Cerró la puerta tras de sí, y sin perder tiempo, se dirigió al escritorio del Supremo. Revisó unos libros que estaban sobre él, pero no encontró nada útil en ellos. A diferencia de la mayoría de los jóvenes de Cryma, Ana sabía leer y escribir. Su madre era la responsable de haberle enseñado. Inclusive le había enseñado el alfabeto del lenguaje de Yarcon y unas pocas palabras en aquel arcano idioma.

Ana fue hasta los estantes en la pared y revisó más libros. Nada. No había nada personal, nada que revelara quién era el Supremo. Cartas, pensó Ana. Tal vez si encontraba cartas dirigidas a él, podría ver su verdadero nombre. Volvió al escritorio y revisó los cajones. Solo encontró papel en blanco y un tintero. En la esquina derecha del cajón, vio una pequeña llave de bronce. Con la llave en la mano, miró en derredor con atención, buscando qué abría esa llave. No encontró nada. Frustrada, volvió a poner la llave en el cajón y lo cerró.

Se agachó y levantó la alfombra que estaba junto a la enorme cama de madera, para ver si había algo escondido allí. Ahí fue donde vio el baúl que estaba debajo de la cama. Miró de soslayo la puerta de la habitación, como para comprobar que nadie la interrumpiría, y luego tironeó el baúl hacia afuera. Cuando fue a abrirlo, notó que estaba cerrado con un candado. Aquel baúl era lo único en toda la habitación que estaba cerrado con llave. Ana estaba segura de que debía contener algo muy importante, algo privado, algo que el Supremo no quería que otros vieran. De un salto, se puso de pie y fue de nuevo a abrir el cajón del escritorio, sacando la pequeña llave de bronce. Si tenía suerte...
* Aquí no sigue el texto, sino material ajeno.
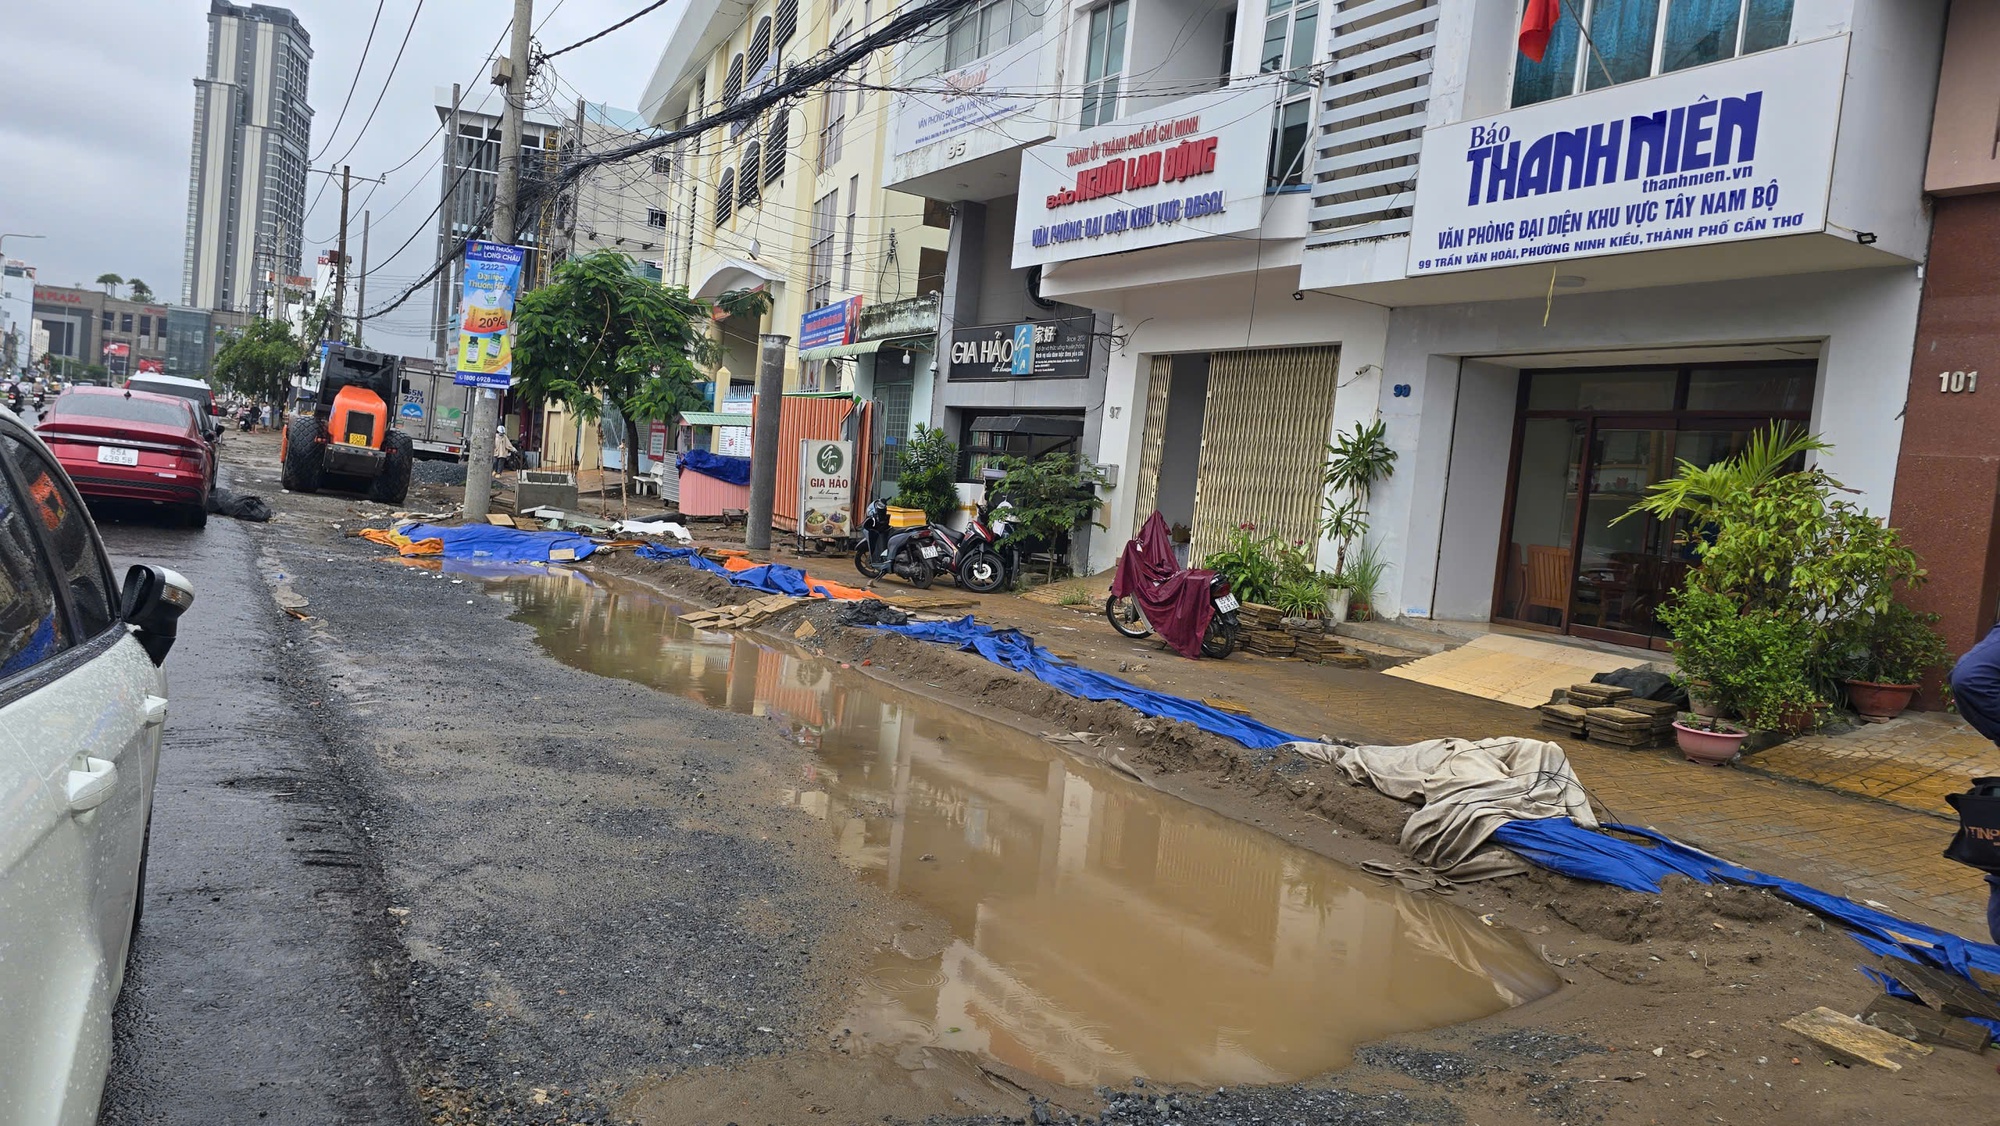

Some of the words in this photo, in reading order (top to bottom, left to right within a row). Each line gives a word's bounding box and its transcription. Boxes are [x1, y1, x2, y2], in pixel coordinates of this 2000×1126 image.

Ana introdujo la llave en el candado y le dio media vuelta. Una sonrisa triunfal se dibujó en su rostro al ver que el candado se abría con un clic. Levantó la tapa de madera y espió adentro. A un costado, había una mochila de tela, y a su lado, cuidadosamente doblada, una tela que parecía estar hecha con hilos de plata. Ana desplegó la tela con cuidado y vio que era una capa. Debajo de la capa plateada, vio un hermoso cinto de cuero con incrustaciones de plata. De inmediato, reconoció los símbolos antiguos que formaban tres letras: LUG. Apartó el cinto un momento y hurgó en el fondo del baúl. Levantó con cuidado una magnífica espada envainada. Tenía un sol en el pomo de la empuñadura, y la guarda tenía tallados los mismos tres símbolos que había visto en el cinto. Aquellas eran las pertenencias de Lug. ¿Era posible? ¿Era posible que aquel hombre no estuviera loco? ¿Qué realmente fuera Lug?

Por la forma en que sus cosas estaban ocultas bajo llave, Ana se dio cuenta de que Lug tenía razón. El Supremo conocía bien su identidad y había decidido evitar que otros la conocieran.

El corazón saltó agitado dentro de su pecho cuando escuchó voces en el pasillo. Volvió a meter todo dentro del baúl y lo cerró con el candado a la velocidad de la luz. Empujó el baúl con todo su cuerpo, deslizándolo nuevamente debajo de la cama, y guardó la llavecita de bronce donde la había encontrado.

Parada sobre la alfombra, al lado de la enorme y fastuosa cama del Supremo, Ana esperó, petrificada, escuchando cómo las voces se alejaban por el pasillo. Suspiró aliviada. Decidió que ya había pasado demasiado tiempo en la habitación, sabía que alguien podría encontrarla allí en cualquier momento. Aunque tenía la excusa de estar limpiando, estaba tan nerviosa que no quería arriesgarse a que su voz la traicionara al dar explicaciones a quién la encontrara allí. Tenía que salir de allí.

Fue hasta la puerta y abrió apenas una rendija, espiando el pasillo. Nadie. Salió sigilosamente y cerró la puerta. Cuando se dio vuelta para irse, alguien la tomó fuertemente del antebrazo derecho y la giró hacia él.